G7 SUMMIT. International Energy Agency Executive Director Fatih Birol, South Korea's President Yoon Suk-yeol, Indonesia's President Joko Widodo, and International Monetary Fund Managing Director Kristalina Georgieva walk out from the Peace Memorial Museum in Hiroshima, Japan, May 21, 2023.

Takashi Aoyama/Pool/Reuters

The International Energy Agency, which provides analysis and input to the G7 on energy, does not see the enhanced enforcement of price caps affecting global oil and fuel supply

HIROSHIMA, Japan – The International Energy Agency does not expect moves by the Group of Seven (G7) nations to counter the evasion of price caps on Russian energy will change the supply situation for crude oil and oil products, the IEA’s Executive Director Fatih Birol said.

The G7, the European Union, and Australia agreed to impose a $60-per-barrel price cap on Russian seaborne crude oil and also set an upper price limit for Russian oil products to deprive Moscow of revenues for its invasion of Ukraine.

The G7 will enhance efforts to counter evasion of the caps “while avoiding spillover effects and maintaining global energy supply,” the group said on Saturday, May 20, without giving details, during its annual leaders’ meeting.

The IEA, which provides analysis and input to the G7 on energy, does not see the enhanced enforcement of the price caps affecting the global oil and fuel supply, Birol told Reuters in an interview on the sidelines of the summit.

“Any significant changes in the markets as always we will reflect in our analysis, in our reports, but for the time being I don’t see a reason to make a change in our analysis,” he said.

According to Birol, the price cap reached two main objectives: it did not trigger tightness in the markets as Russian oil continued to flow but at the same time Moscow’s revenues were reduced.

“Russia did play the energy card, and it did fail. But there are some loopholes, some challenges for the better functioning of the oil price cap,” Birol said.

Gas investments

The G7 has also brought support for the gas investment back to the communique on Saturday in that it said was a “temporary” solution to address potential market shortfalls and as nations are trying to decouple from Russian energy.
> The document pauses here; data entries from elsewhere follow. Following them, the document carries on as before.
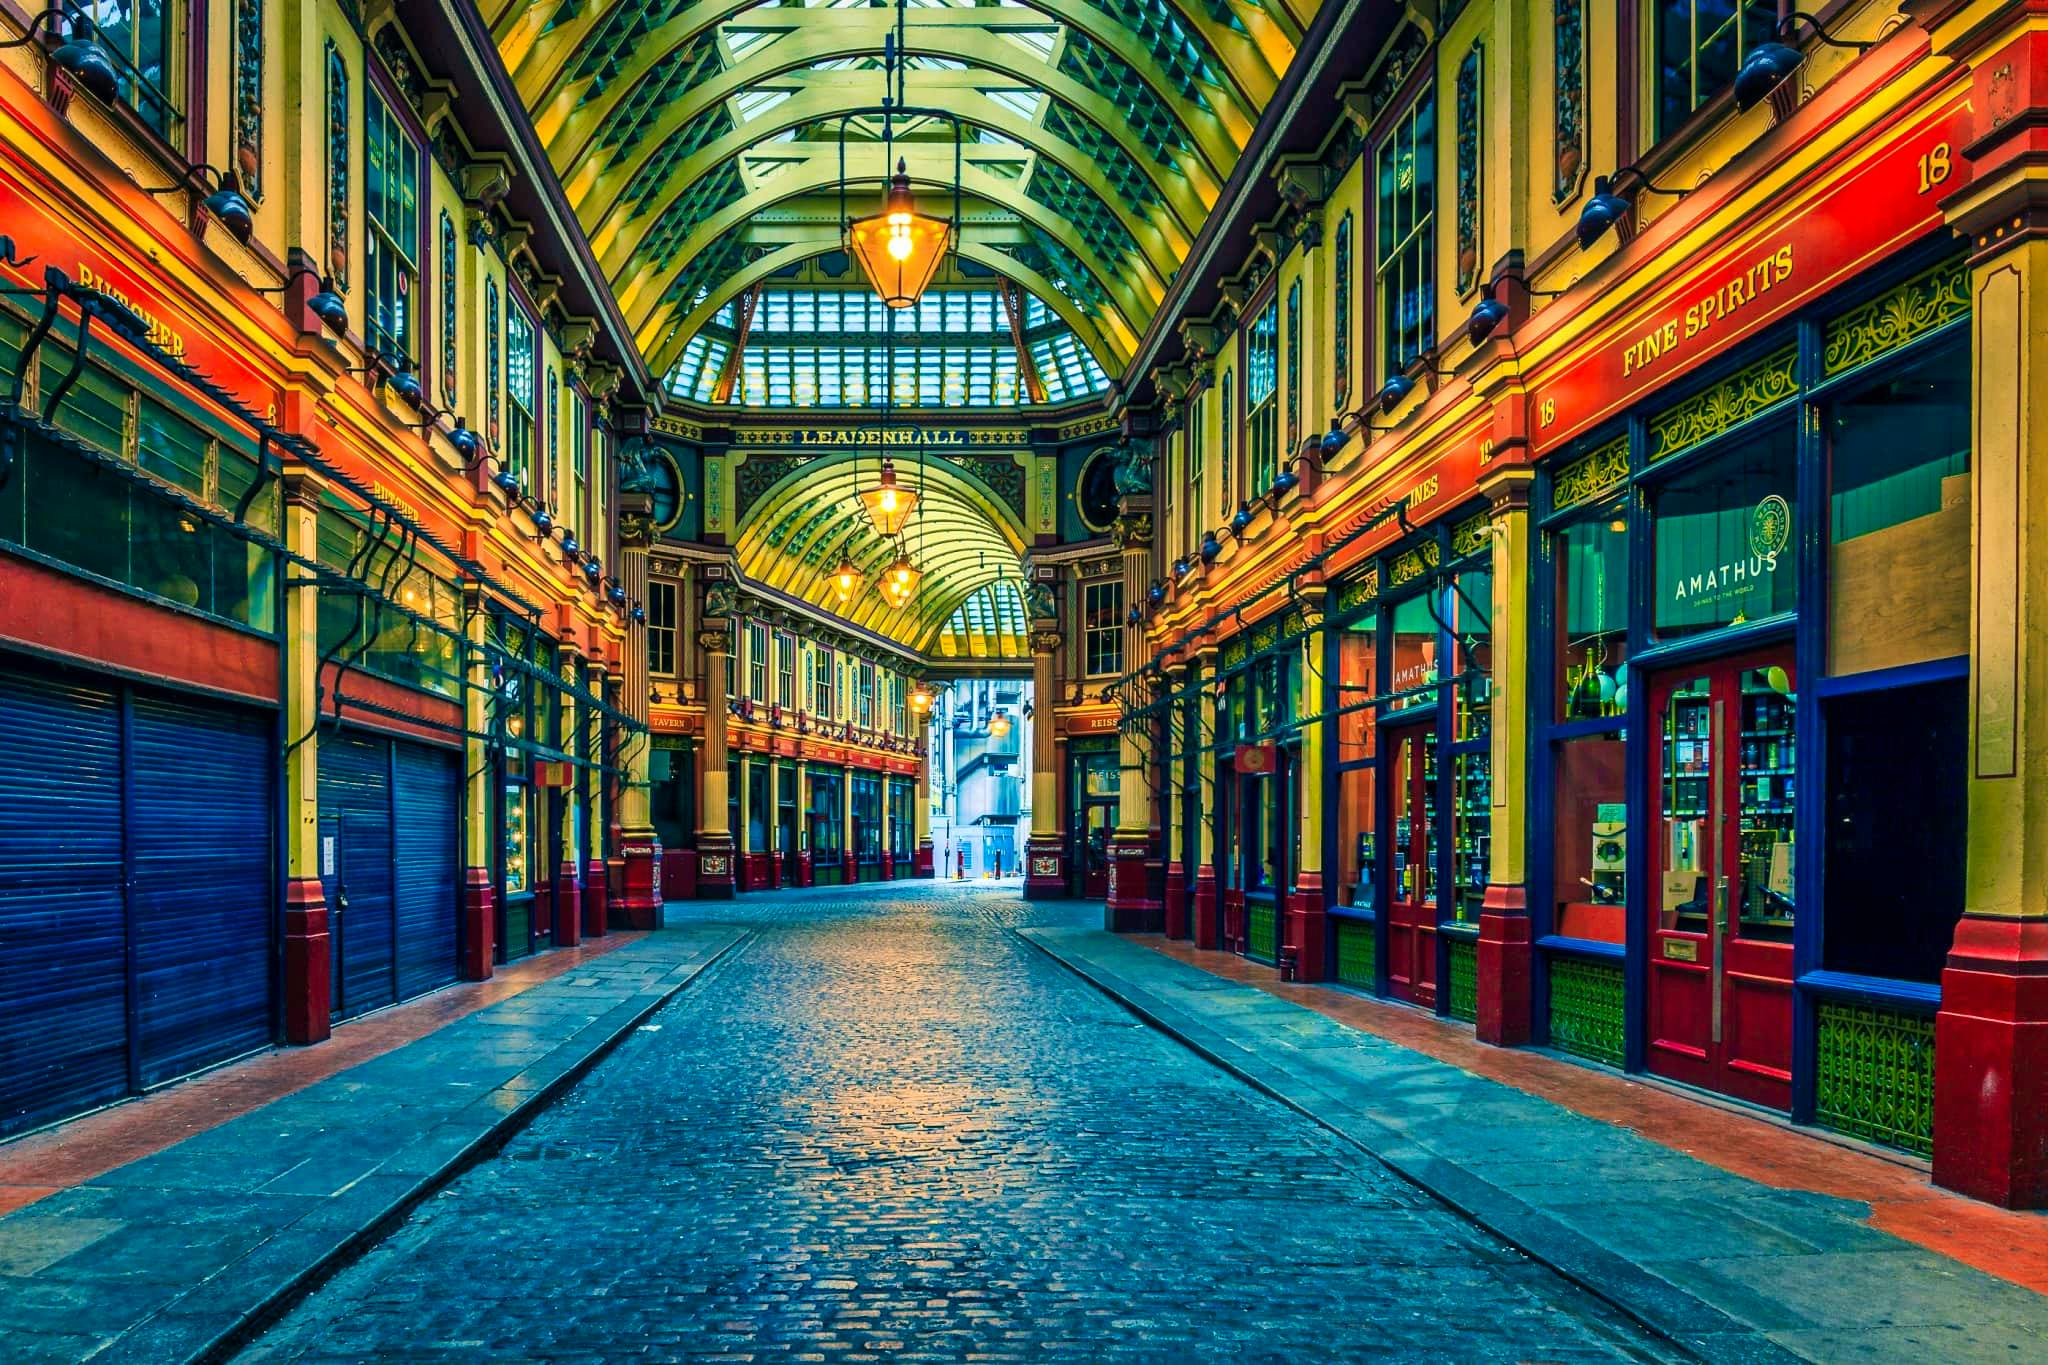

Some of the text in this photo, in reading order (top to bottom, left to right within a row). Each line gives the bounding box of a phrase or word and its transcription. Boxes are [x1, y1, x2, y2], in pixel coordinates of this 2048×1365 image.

[1918, 142, 1950, 194] 18
[1623, 244, 1793, 378] FINE SPIRITS
[1540, 398, 1555, 428] 18
[801, 431, 963, 445] LEADENHALL
[1405, 474, 1438, 511] INES
[1676, 550, 1777, 600] AMATHUS
[653, 718, 685, 728] TAVERN
[1091, 719, 1118, 729] REISS
The move has alarmed climate activists who warned the group may fail to deliver on its goal to achieve net-zero carbon emissions by 2050 and limit global warming to 1.5°C (2.7°F).

“It may have some impact but countries once again reiterated that if there are some impacts to slow down in that area, they are going to accelerate in the other areas that it will not change their determination of reaching the 1.5°C goal,” Birol said.

“The clean energy transition is happening and much faster than many think.”

The language change was brought in by Germany, once a top buyer of Russian gas, sources have said, and the communique did not have a time frame for investments into the gas sector.

“There is no determination of any time frame there, but I think the main issue is because of the reliance of especially European countries on Russian gas almost for decades. Now it is not easy to change everything from one day to another,” Birol said.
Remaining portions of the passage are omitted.